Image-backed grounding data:
- - -

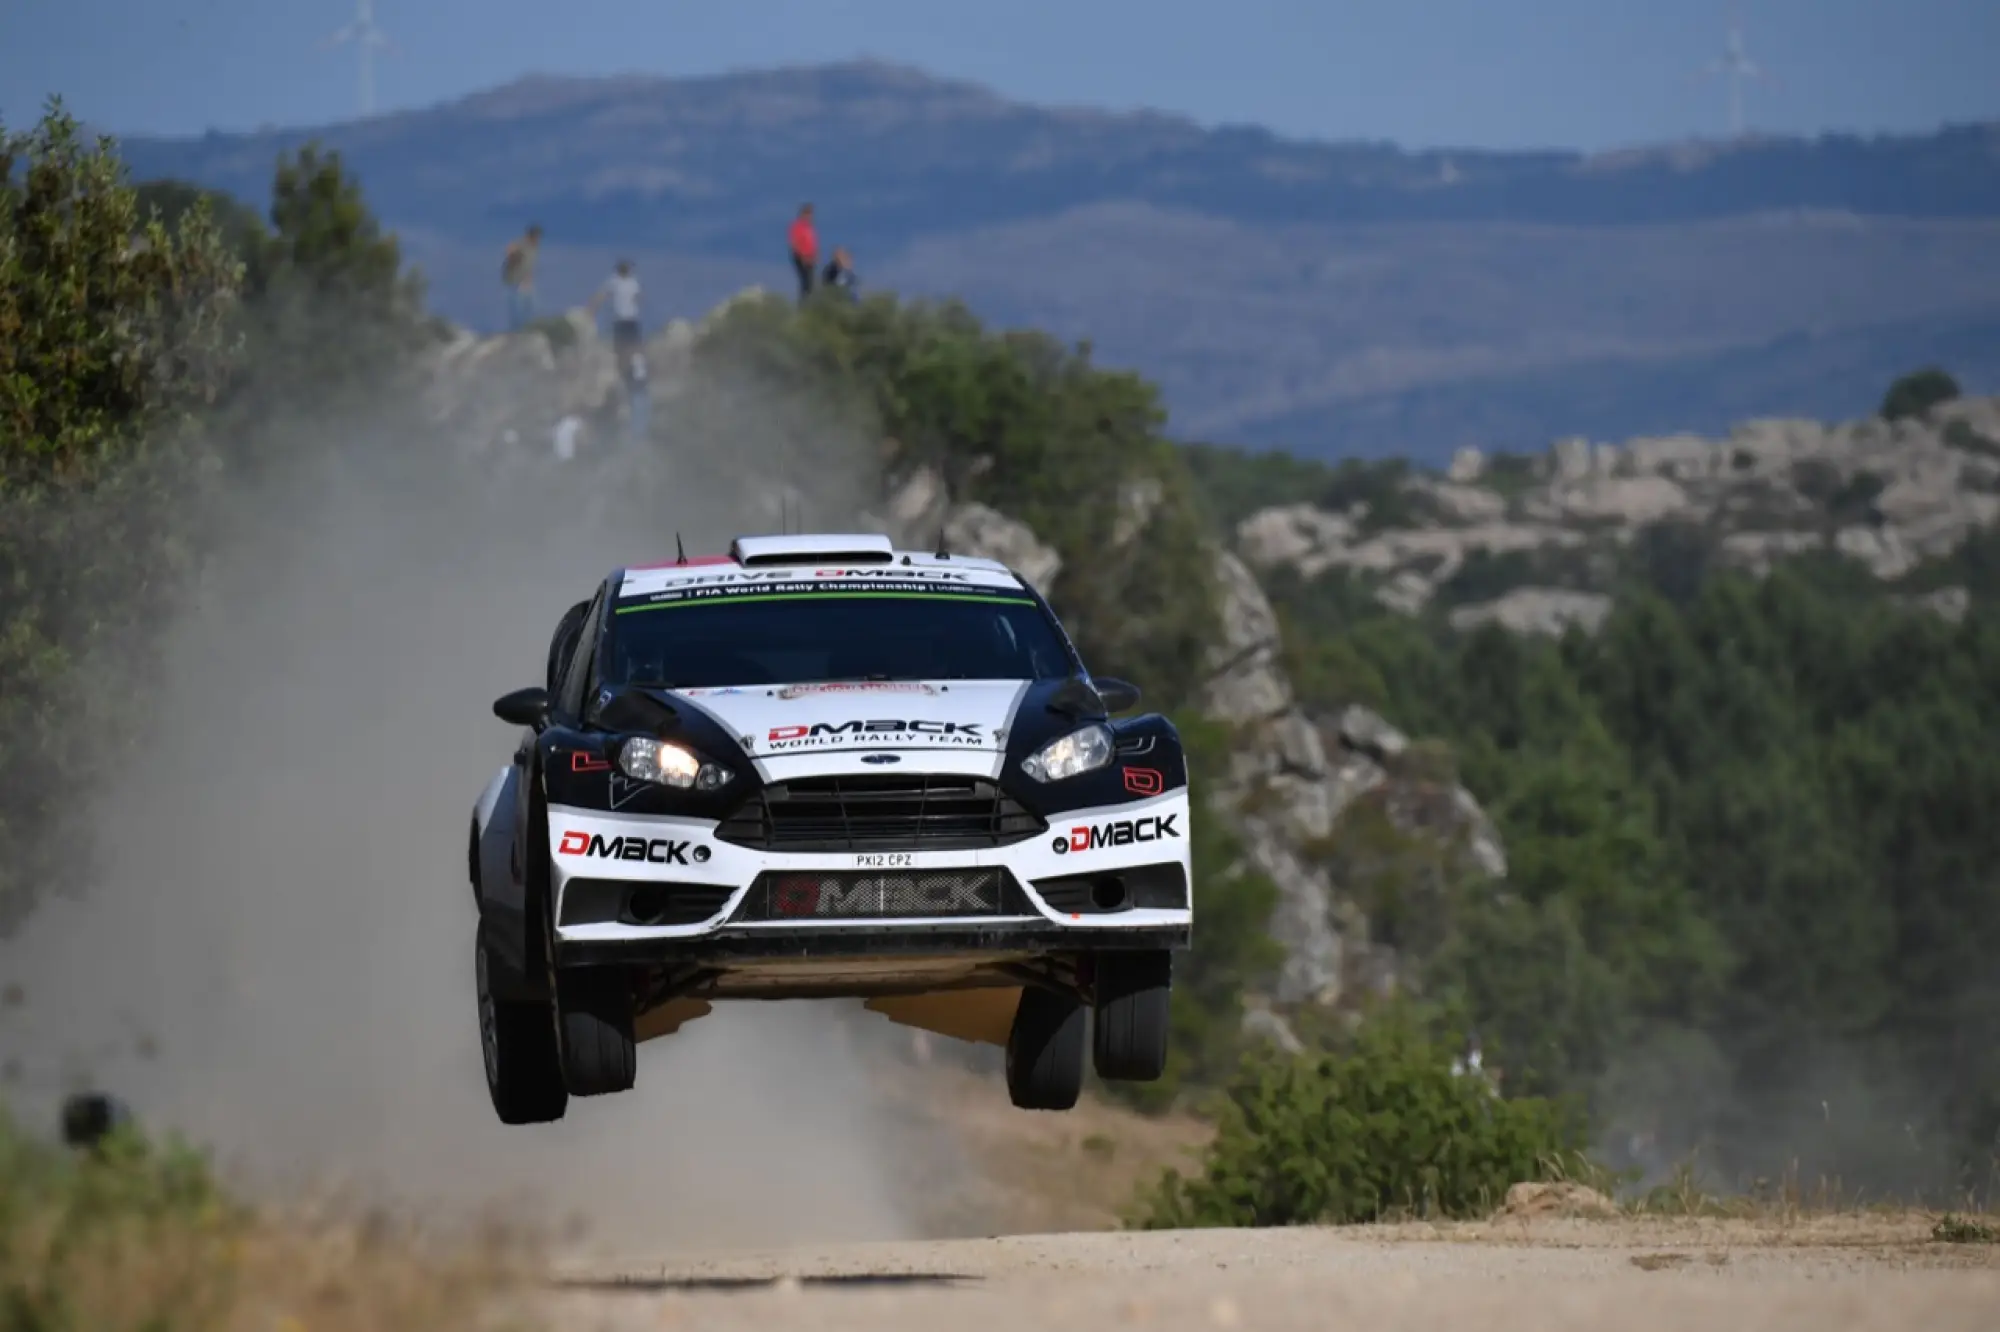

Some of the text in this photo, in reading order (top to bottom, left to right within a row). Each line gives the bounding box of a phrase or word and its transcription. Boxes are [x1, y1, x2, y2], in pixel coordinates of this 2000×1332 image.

[665, 570, 793, 588] DRIVE
[696, 588, 723, 597] FIA
[726, 584, 771, 595] World
[775, 582, 814, 593] Rally
[819, 582, 927, 593] Championship
[768, 718, 983, 742] DMACK
[769, 732, 982, 750] WORLD RALLY TEAM
[1069, 813, 1181, 853] DMACK
[558, 830, 692, 866] DMACK
[857, 853, 912, 867] PX12 CPZ

- - -

# WHAT TO DO:
Copy the entries exactly. No pictures.

# RESPONSE TO THE TASK:
Some of the text in this photo, in reading order (top to bottom, left to right within a row). Each line gives the bounding box of a phrase or word and its transcription. Boxes are [x1, y1, x2, y2], in pixel coordinates of this 2000×1332 image.

[665, 570, 793, 588] DRIVE
[696, 588, 723, 597] FIA
[726, 584, 771, 595] World
[775, 582, 814, 593] Rally
[819, 582, 927, 593] Championship
[768, 718, 983, 742] DMACK
[769, 732, 982, 750] WORLD RALLY TEAM
[1069, 813, 1181, 853] DMACK
[558, 830, 692, 866] DMACK
[857, 853, 912, 867] PX12 CPZ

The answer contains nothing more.